# Content-based Filtering Recommendation

Content-based Recommender System is another type of recommender system other than [Memory-based](https://github.com/Olliang/All-About-Movie-Data/blob/master/Memory_Based_CF.ipynb) and [Model-based](https://github.com/Olliang/All-About-Movie-Data/blob/master/Matrix_Factorization_CF.ipynb) Collaborative Filtering that I have showcased. Compared to Collaborative Filtering techniques, Content-based Recommender System requires extra information about the available items and some sort of user profile describing what the user likes.

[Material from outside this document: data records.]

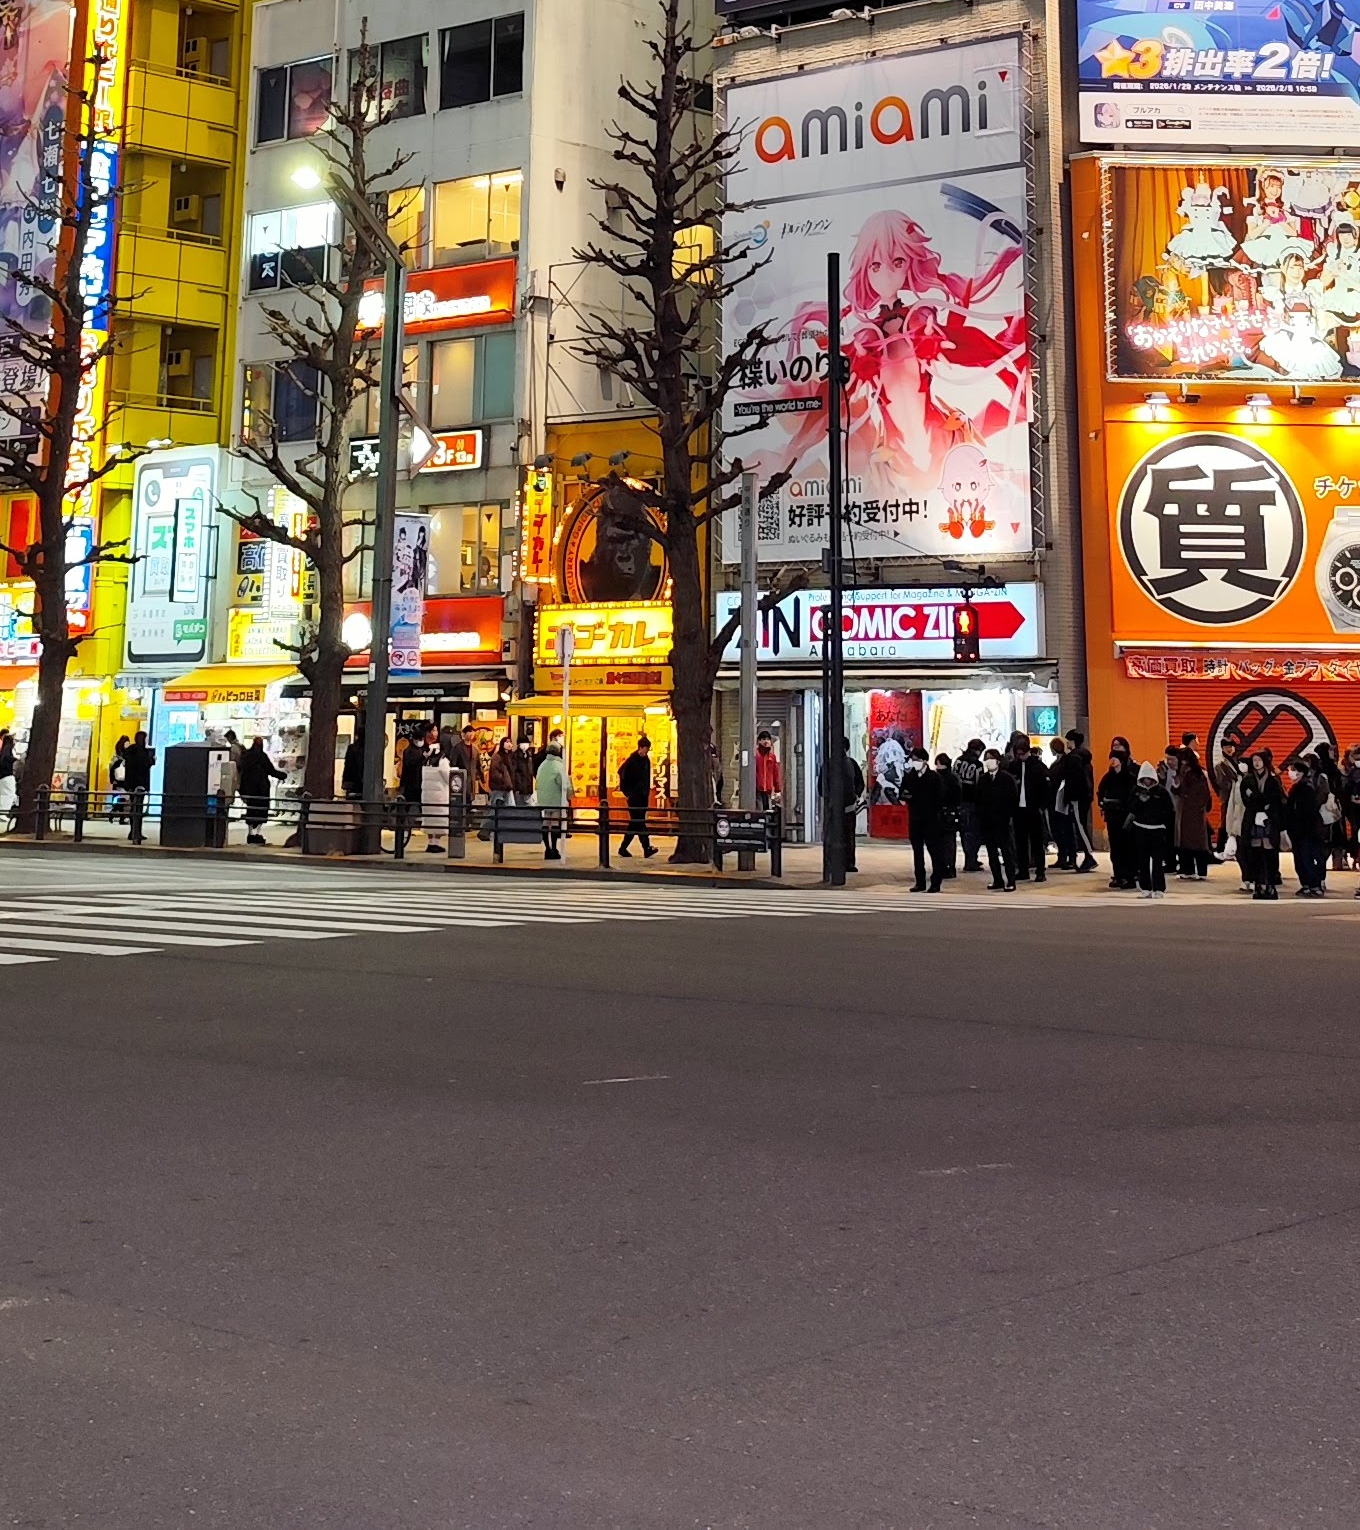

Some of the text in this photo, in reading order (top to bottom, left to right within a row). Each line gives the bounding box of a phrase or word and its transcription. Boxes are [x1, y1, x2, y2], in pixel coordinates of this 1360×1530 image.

[753, 80, 990, 164] amiami
[1132, 105, 1162, 115] ブルアカ
[761, 402, 774, 413] the
[774, 400, 796, 411] world
[796, 400, 805, 410] to
[789, 476, 862, 498] amimi
[184, 507, 196, 549] スマホ
[787, 498, 928, 528] 好評約受付中!
[1140, 462, 1279, 600] 質
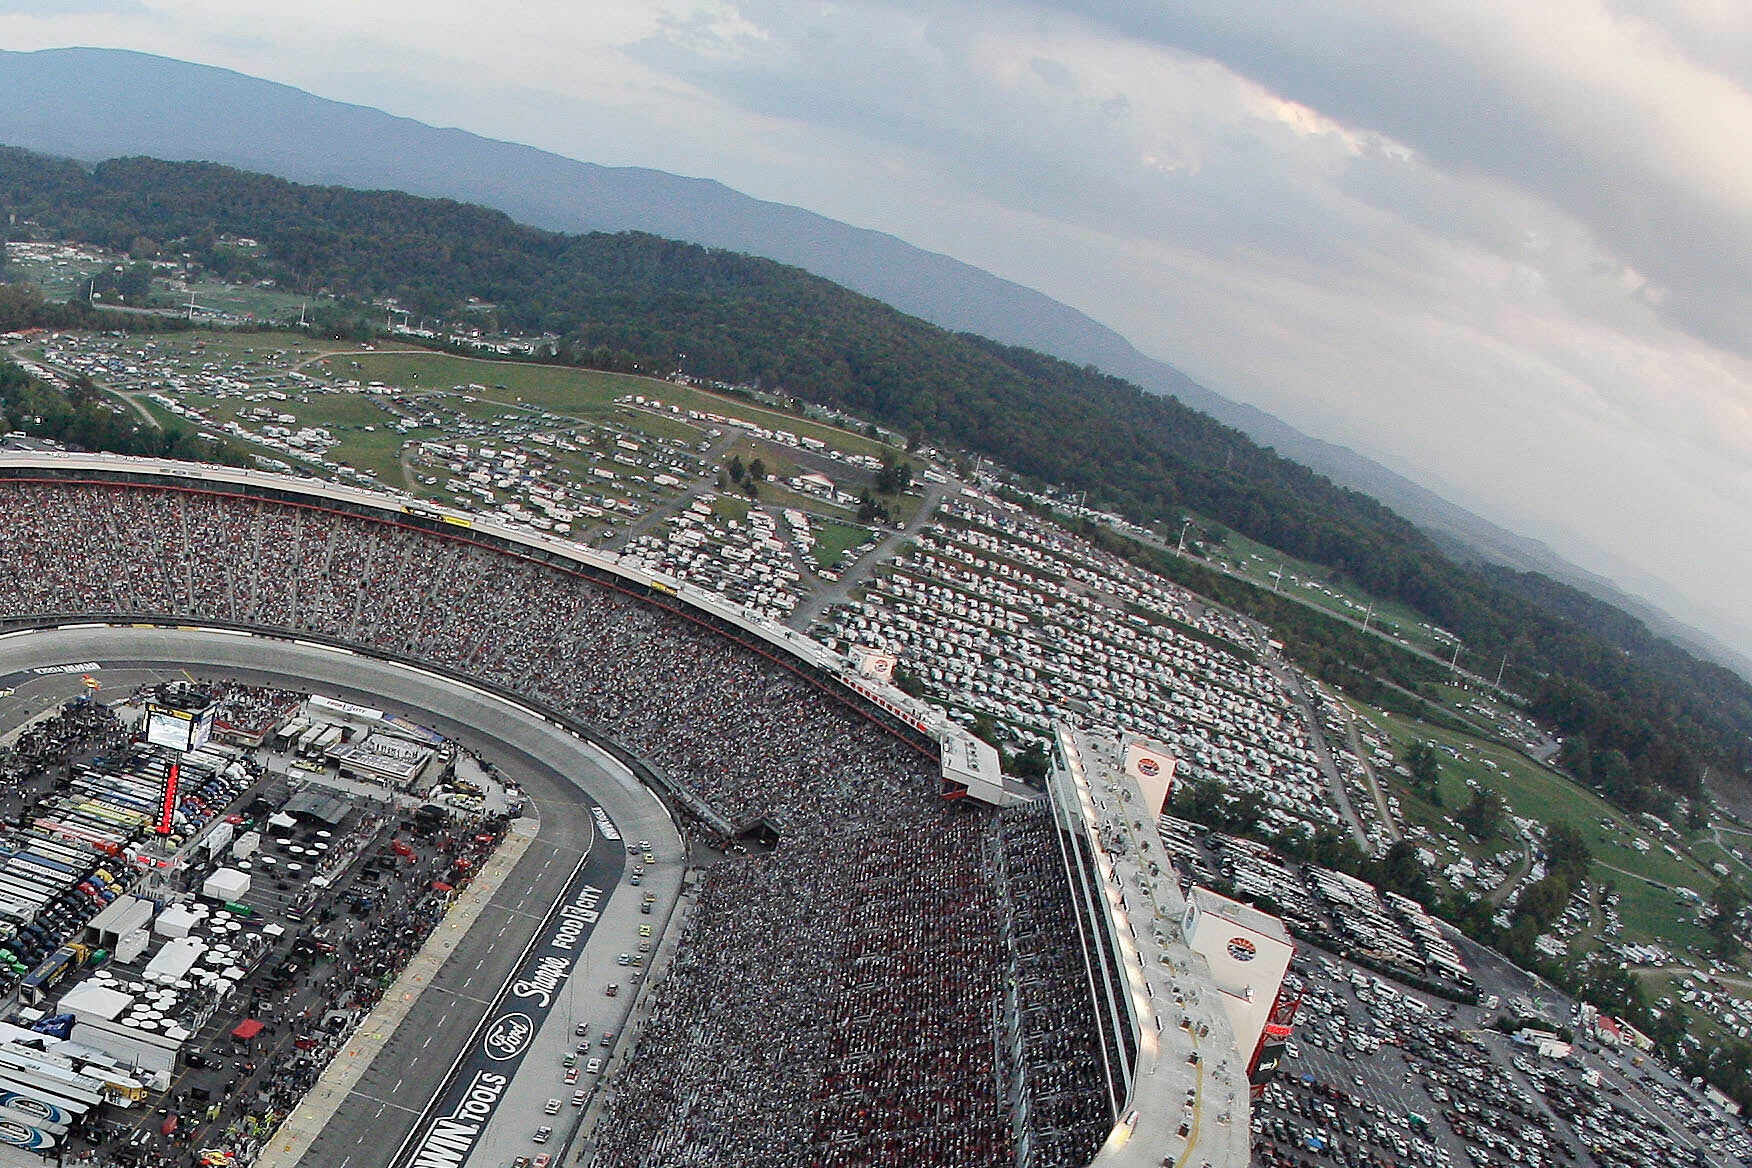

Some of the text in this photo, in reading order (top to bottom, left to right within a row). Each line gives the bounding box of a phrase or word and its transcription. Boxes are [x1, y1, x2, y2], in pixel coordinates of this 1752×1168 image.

[552, 885, 603, 950] FOOD CITY
[513, 956, 571, 1008] Sharpie
[489, 1019, 529, 1053] Ford
[458, 1072, 506, 1121] TOOLS

The general task of Content-based RS is to learn user preferences and then recommen items that are "similar" to the user preferences.It generally works well when it's easy to determine the context/properties of each item.<br>

Simple summary:<br>
**Collaborative Filtering:** "Show me how other users have rated this item" or "Show me how other items are rated by this user"<br>
**Content-based Recommender System:** "Show me more of the same to what I've like"<br>
<br>
<br>
**Term Frequency and Inverse Document Frequency (TF-IDF)** is a standard measure to identify the similarity between each items by analyzing the terms with the right weight. Term Frequency (TF) counts how frequent a term occurs in a document. Inverse Document Frequency (IDF) devalues the words that happen too many times in a documnet. How to calculate them?<br>
**TF(w)** = (num of times the word appears in a document) / (total num of words in the document)<br>
**IDF(w)** = log(num of documents / num of documents that contain word w)
<br>
![TFIDF](TF_IDF.PNG)
<br>
After calculating TF-IDF scores For each term, how do we determine which items are closer to each other?
<br>

In [2]:
import pandas as pd
import numpy as np
from datetime import datetime
import matplotlib.pyplot as plt
import seaborn as sns
import warnings; warnings.simplefilter('ignore')

In [9]:
# we will use MovieLens data for this model
ratings = pd.read_csv('ratings.dat', sep='::', 
                      header = None, 
                      names = ['user_id', 'movie_id', 'rating', 'timestamp'])
users = pd.read_csv('users.dat', sep='::', 
                    header = None, 
                    names = ['user_id', 'gender', 'age', 'occu_id', 'zipcode'])
movies = pd.read_csv('movies.dat', sep='::', 
                    header = None, 
                    names = ['movie_id', 'title', 'genres'])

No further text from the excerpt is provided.